I was in big hurry last time and didn't elaborate my hint & answer.
(Living has been hectic here lately).
Since I calculated without pencil and a scrap of paper I left possibility
I made mistake open.However,the reason wasn't I suspected something was
wrong with a the principal usage of of Stirling's approximative formula,
but my imperfect mind pics.I (ab)used the weakest version
of Stirling to quickly obtain the result:
[tex]n!\approx \sqrt{2\pi n}\cdot \left(\frac{n}{e}\right)^n[/tex]

Of course,much more preceise formula is:

[tex]n!=\sqrt{2\pi n} \left(\frac{n}{e}\right)^n e^{\frac{1}{12n}+O(\frac{1}{n^2})}[/tex]

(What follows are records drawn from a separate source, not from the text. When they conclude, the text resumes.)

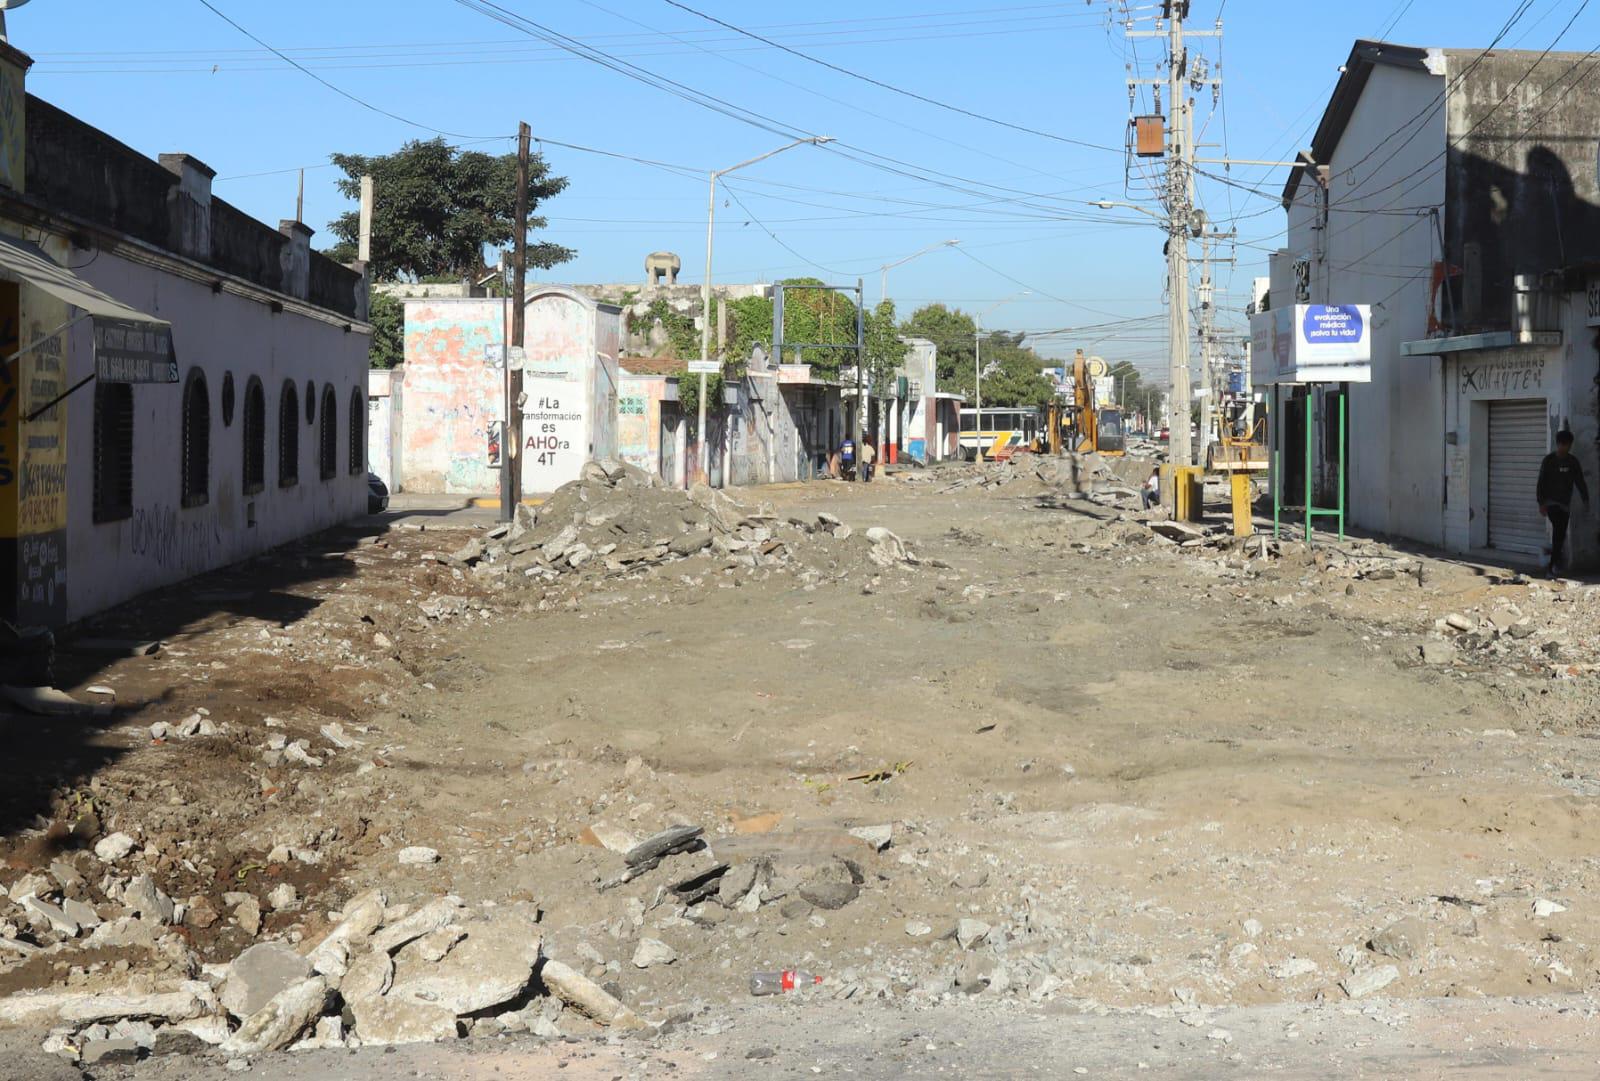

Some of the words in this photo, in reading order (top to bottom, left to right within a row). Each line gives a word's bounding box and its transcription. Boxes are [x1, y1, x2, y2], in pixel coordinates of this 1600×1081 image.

[1314, 313, 1352, 321] evaluación
[1319, 321, 1346, 329] médica
[1331, 329, 1338, 337] tu
[1339, 329, 1356, 337] vida!
[538, 397, 560, 409] #La
[541, 423, 556, 433] es
[525, 436, 570, 450] AHOra
[537, 452, 556, 466] 4T

And there is much more about Stirling.
Did you know there is also a full asymptotic series version of Stirling
which involves Gamma function and summation over Bernouli numbers?
It is derived by the Mean value theorem for Gamma function.
It is associated with tracking n! like nobody's buisness.
If you are interested I can post that monster.
Application of the most powerful version may give an exact value for n!,not
just an aproximation.
For convenience I list some known results:

[tex]n!=\sqrt{2\pi}n^{n-\frac{1}{2}}e^{-n}\left(1+\frac{1}{12n}+\frac{1}{288n^2}+O(\frac{1}{n^2})\right)[/tex]

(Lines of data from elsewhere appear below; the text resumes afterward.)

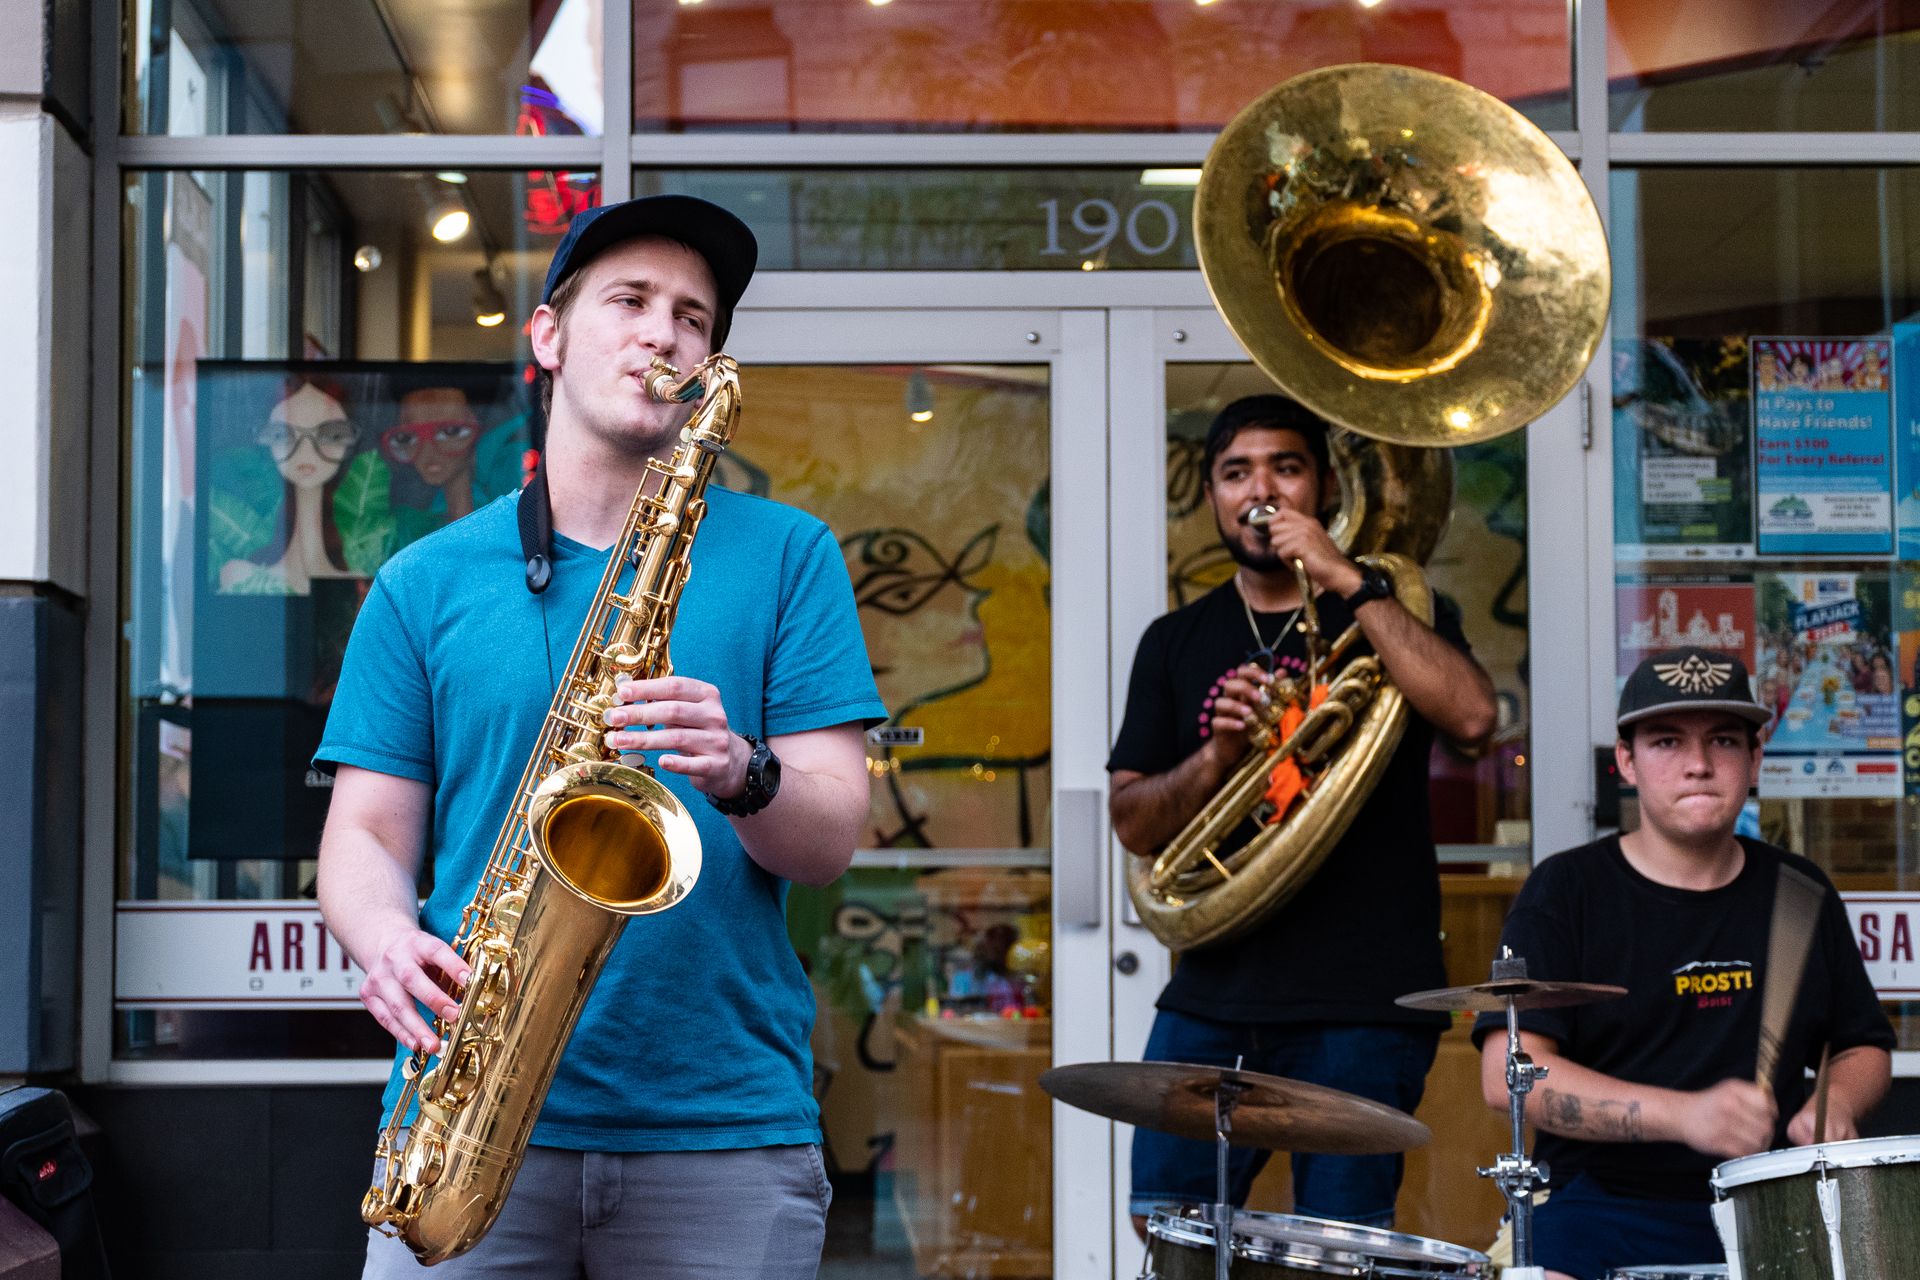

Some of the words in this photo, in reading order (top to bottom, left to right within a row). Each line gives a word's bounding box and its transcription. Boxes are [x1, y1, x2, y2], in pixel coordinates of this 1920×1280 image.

[1037, 198, 1179, 255] 190
[1775, 397, 1813, 413] Pays
[1816, 398, 1834, 411] to
[1759, 416, 1800, 429] Have
[1804, 415, 1872, 430] Friends!
[1759, 438, 1790, 449] Earn
[1758, 454, 1780, 465] For
[1786, 453, 1824, 467] Every
[1828, 453, 1884, 465] Referral
[1795, 601, 1860, 630] FLAPJACK
[1675, 970, 1753, 996] PROST!

[tex]n!=\sqrt{2\pi n}\left(\frac{n}{e}\right)^n e^{\frac{\theta(n)}{12n}};0<\theta(n)<1[/tex]

For n>1 an interesting inequality holds:

[tex]\sqrt{2\pi}n^{n+1/2}e^{-n+\frac{1}{12n}}>n!>\sqrt{2\pi}n^{n+1/2}e^{-n+\frac{1}{12n+1}}[/tex]


But such level of preceison is completely unnecessary for the problem we have.
If you still wonder how mathematical criminal tehno may (ab)use the weakest version
of Stirling and get the correct result anyway,my plausible explanation is:
The problem requires only the dominant multiplication term and one doesn't have to
run error estimates for large n! in evaluating the limit.IOW,the limits of the structure
like given where fast multiplication functions ratios are packed are insensitive
to the differences associated up to polynomial factors.
You may find an interesting exercise to rigorously prove why I'm correct in using
weak Stirling approximation when dealing with that limit.

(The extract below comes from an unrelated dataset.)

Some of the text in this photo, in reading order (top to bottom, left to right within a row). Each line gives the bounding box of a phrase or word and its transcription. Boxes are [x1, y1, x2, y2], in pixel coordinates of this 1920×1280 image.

At last ,few comments should be made regarding the simple "ratio" convergence test
you are talking about.Isn't that test also call "d'Alambert" test?
d'Alambert test says that for 0<x<1/e the series converges,and by Leibnitz
principle for alternating series one concludes that for -1/e<x<0 must
converge as well.
But what about point x=1/e?
d'Alambert fails to decide on that point.
However,the series diverges for it!
Use Raabe's test to show that the following sum diverges:

[tex]\sum_{n=1}^{\infty}\frac{1}{n!}\left(\frac{n}{e}\right)^n[/tex]

OTOH,for x=-1/e the series converges!
Without elaboration why ,I will remind that the situation has much in common
with harmonic series:
[tex]\sum_{n=1}^{\infty}\frac{1}{n}[/tex]

which diverges,but

[tex]1-\frac{1}{2}+\frac{1}{3}-\frac{1}{4}+...=ln\ 2[/tex]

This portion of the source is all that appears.